Buna rağmen medrese mollalarının bir kısmı yine de sol kültür üzerinden gelişen Kürd ve Kürdistan sorununa ilgi duyan gençlerle ilişki içerisine girdi. Ancak bu gençlerin kadim Kürd medreselerinin anlayışıyla yoğrulmuş dini değerler yerine, sol değerlerle bezenmiş anlayışlarla soruna yaklaşmaları, Kürd ve Kürdistan sorunu istenilen düzeyde toplumda revaç bulamadı. Soruna ilgi duyan mollalarda zorunlu olarak oluşan toplumsal baskı nedeniyle bir başka suskunluk içine girdiler.Bu sebepler Bingöl molalarını Kürd ulusal bilincinden kopartarak zorunlu biçimde MSP çizgisindeki Türk İslamcılığının (ümmetçiliğinin) kucağına itilmesine yol açtı.
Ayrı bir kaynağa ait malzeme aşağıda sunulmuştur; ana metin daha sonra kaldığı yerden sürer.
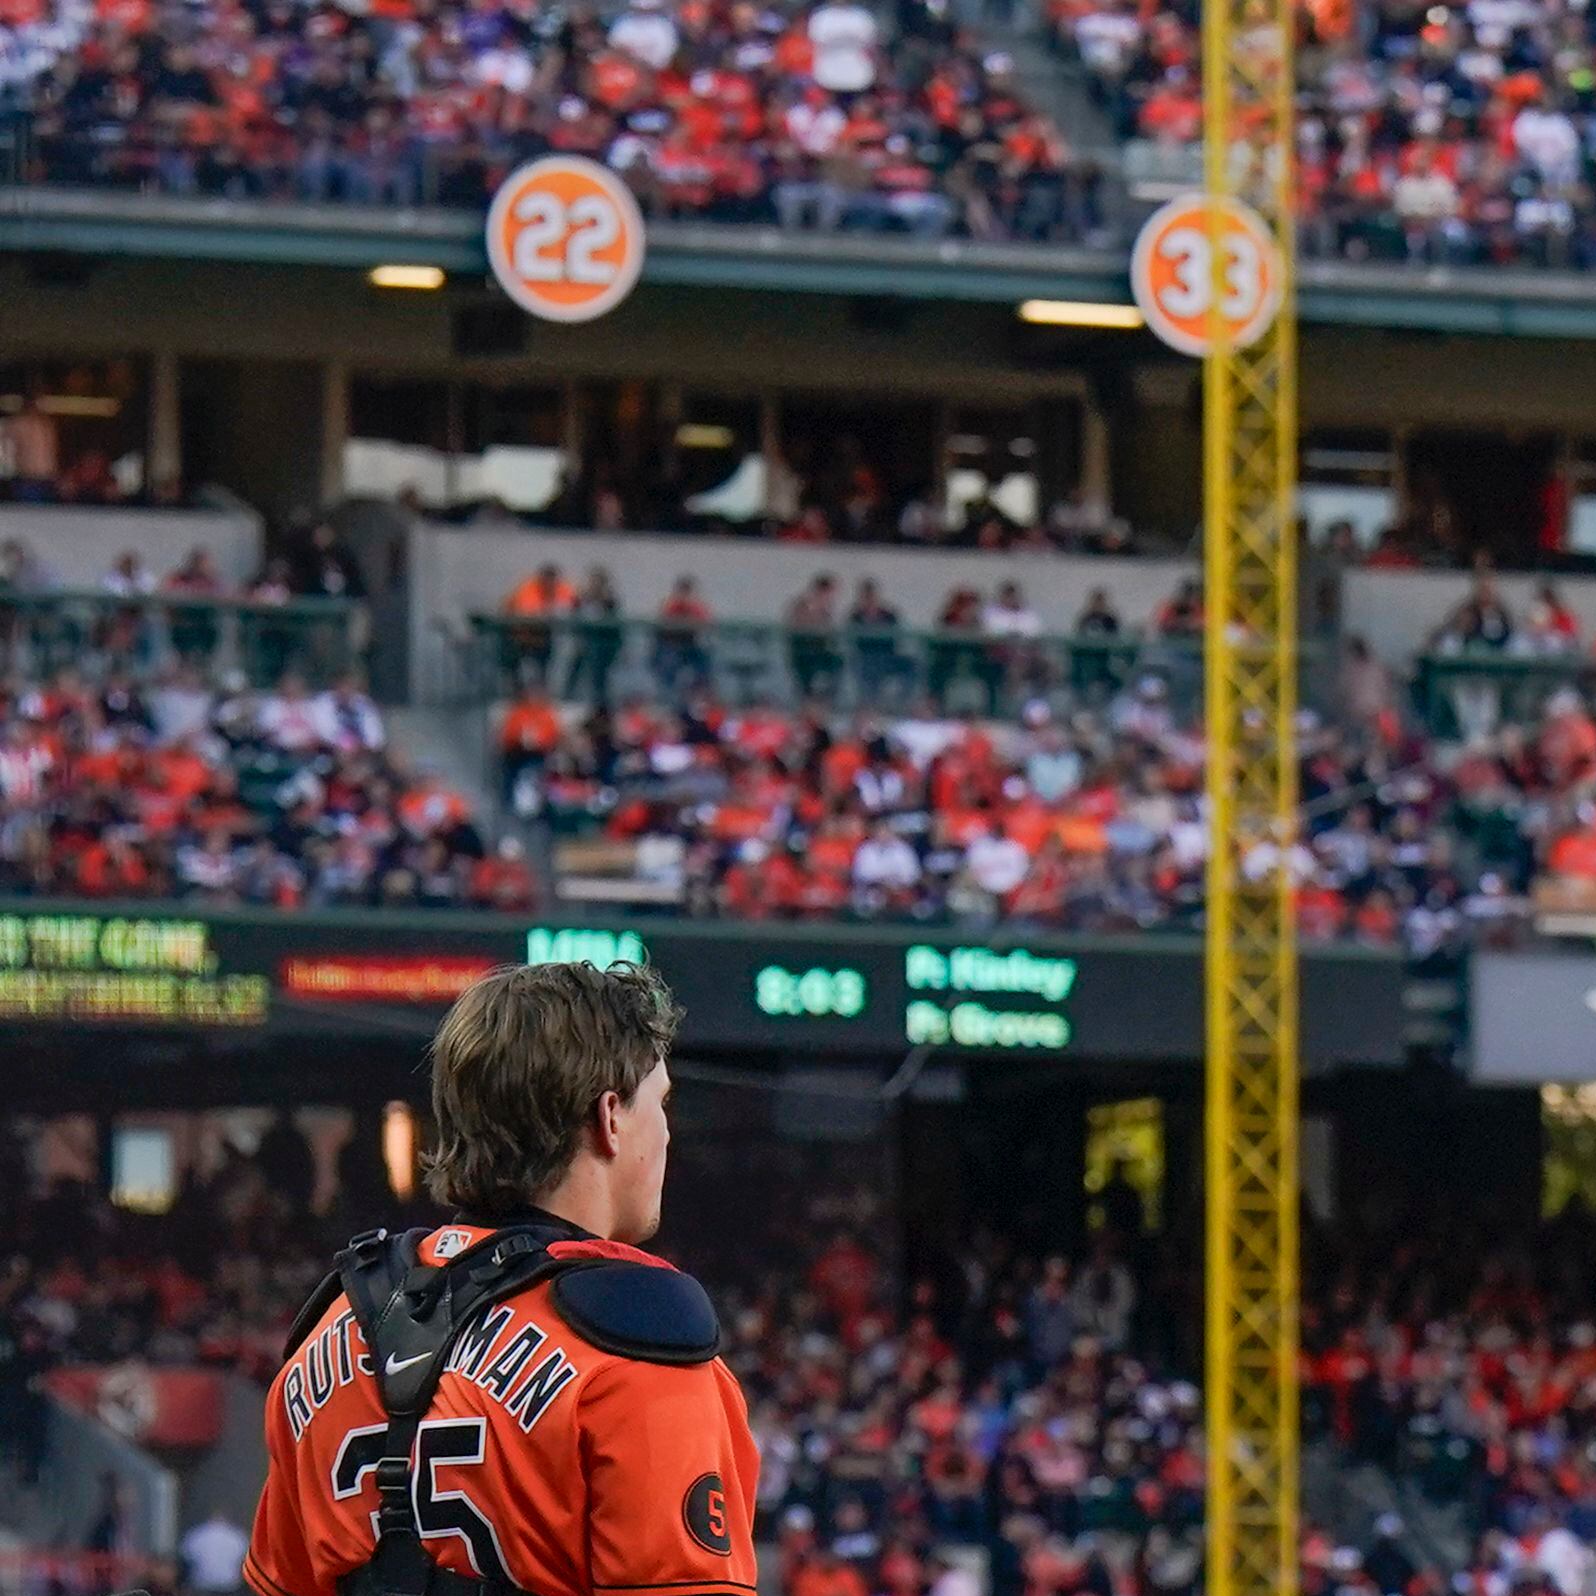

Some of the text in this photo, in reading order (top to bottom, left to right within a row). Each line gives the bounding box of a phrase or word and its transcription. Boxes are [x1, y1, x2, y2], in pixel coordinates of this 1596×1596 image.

MSP üzerinden Selefi anlayışın gelişmesi
Bingöl’ün arafta kalan ve bugüne yansıyan verilere ait izler yukarıdaki gelişmeler üzerinden sürülürse sebepler zincirini daha iyi anlama imkânı elde edilir. Kürd ve Kürdistan sorununa Mola Mustafa Barzani üzerinden ilgi duyan medreseler özelikle YTP, AP, MSP ve MHP çizgisini benimseyenler tarafından sol ve solculukla yaftalanınca toplumsal zeminde çıkış bulamayan medreseler ve mollaların bir kısmı yeniden kabuğuna çekilmek zorunda kaldı.
MSP çizgisinin düşünsel alt yapısını oluşturan Osmanlıcı ümmet anlayışı Bingöl’ün suskun dindar kimliği ile nispeten uyum sağladı. Milli görüş şeklinde förmülüze edilen bu anlayış içeride rejimle sorun oluşturan Kürd ve Kürdistan sorununu görmezden gelerek Bingöl’ün muhaliflik taşıyan damarını İslam coğrafyasının uzak noktalarına odakladı. Bu odaklanma ilerleyen süreçte Kürd ve Kürdistan sorununa bigâne kalmanın temel sebebi olarak görülmelidir.
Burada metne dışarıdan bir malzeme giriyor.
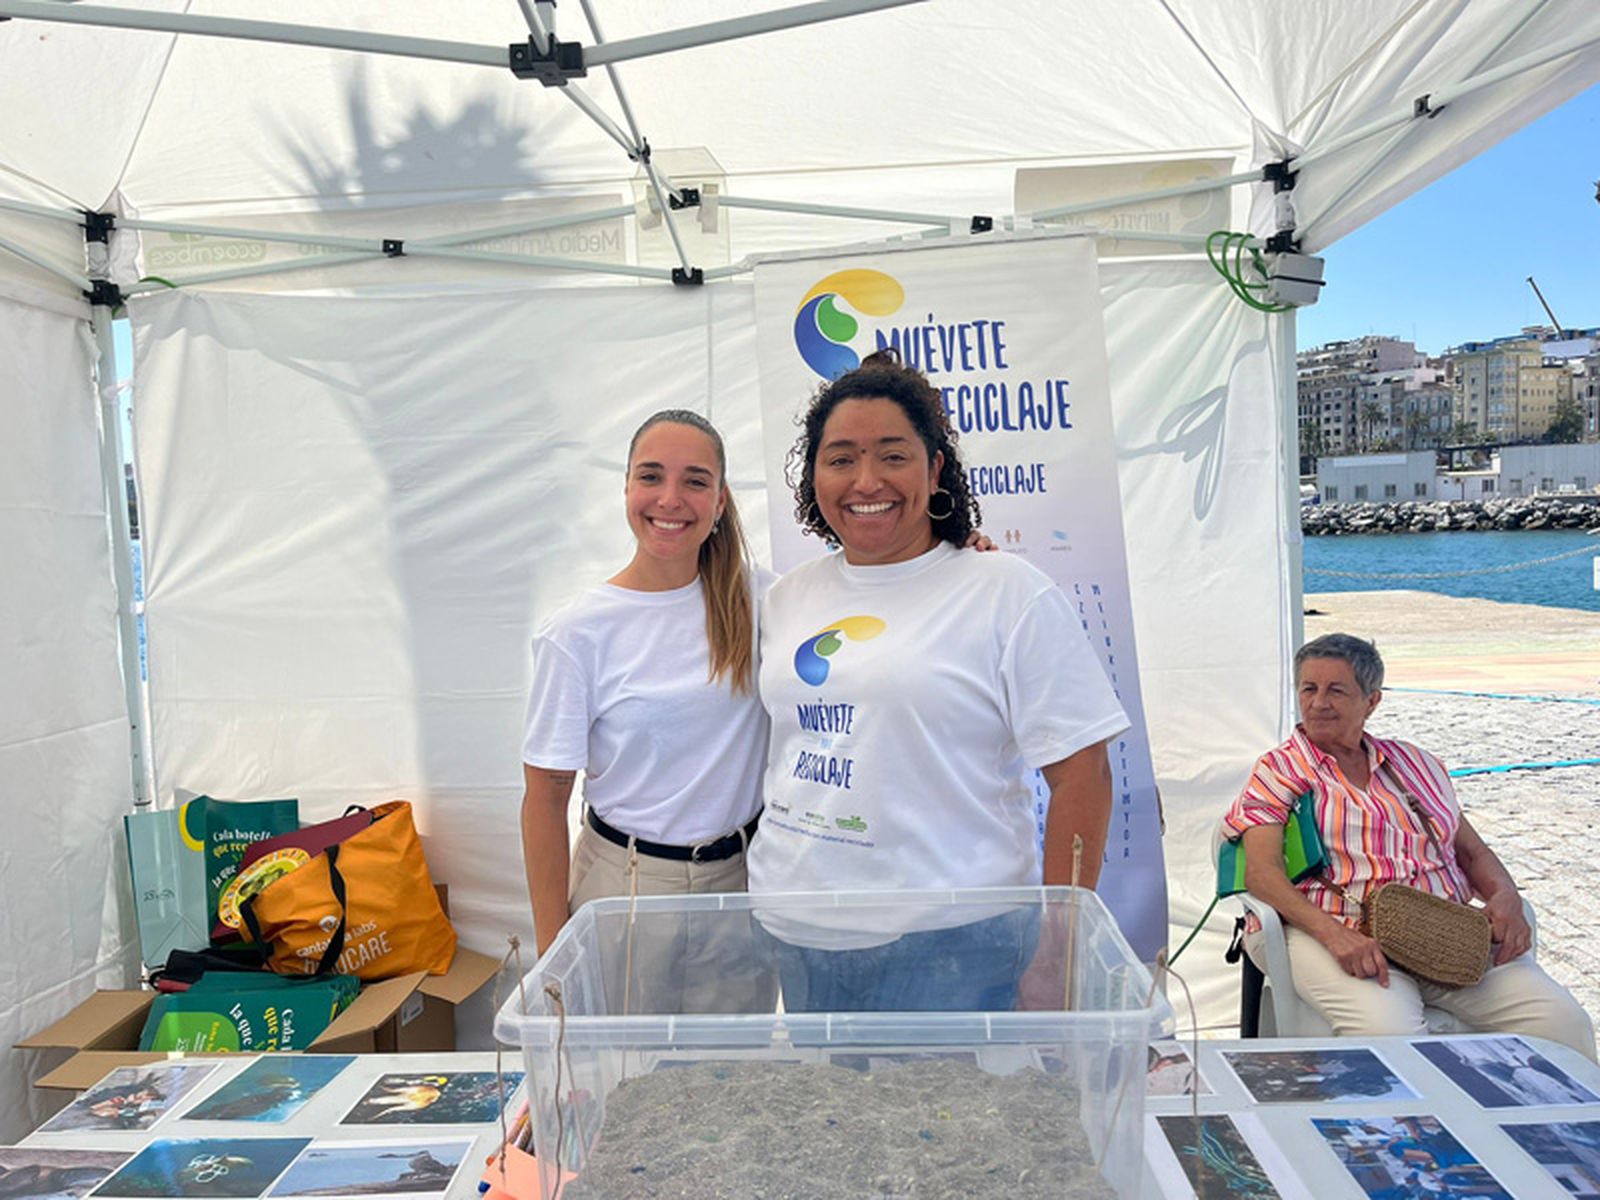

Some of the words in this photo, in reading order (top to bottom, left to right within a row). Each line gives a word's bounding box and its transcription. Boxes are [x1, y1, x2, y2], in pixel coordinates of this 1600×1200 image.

[875, 313, 1009, 373] MUÉVETE
[941, 379, 1074, 434] ECICLAJE
[969, 463, 1047, 497] ECICLAJE
[797, 697, 855, 735] MUÉVETE
[229, 1003, 243, 1020] la
[238, 1019, 253, 1046] que
[264, 1007, 279, 1035] que
[281, 1008, 295, 1044] Cada
1979 da gerçekleşen İran devrimi ve Afganistan’ın Rusya tarafından işgal edilmesi Milli Görüş çizgisi ile buluşan okumuş gençlerin ilgisini çekti. Tam da bu dönemde Türkiye’de oluşan cihadist anlayış Bingöl’de de karşılık buldu. Bu karşılık nedeniyle gençler arasında yeni cihadist idoller oluşturmaya başladı. Ki bunlar üzerinden dışarıdan akın etmeye başlayan tercümelere dayalı anlayışlar medrese mollalarını hedef alarak varlık kazanma çabasına girişti. Dolayısıyla geleneksel medrese mollalarının itibarını toplum nezdinde sarsan bir akıma dönüştü.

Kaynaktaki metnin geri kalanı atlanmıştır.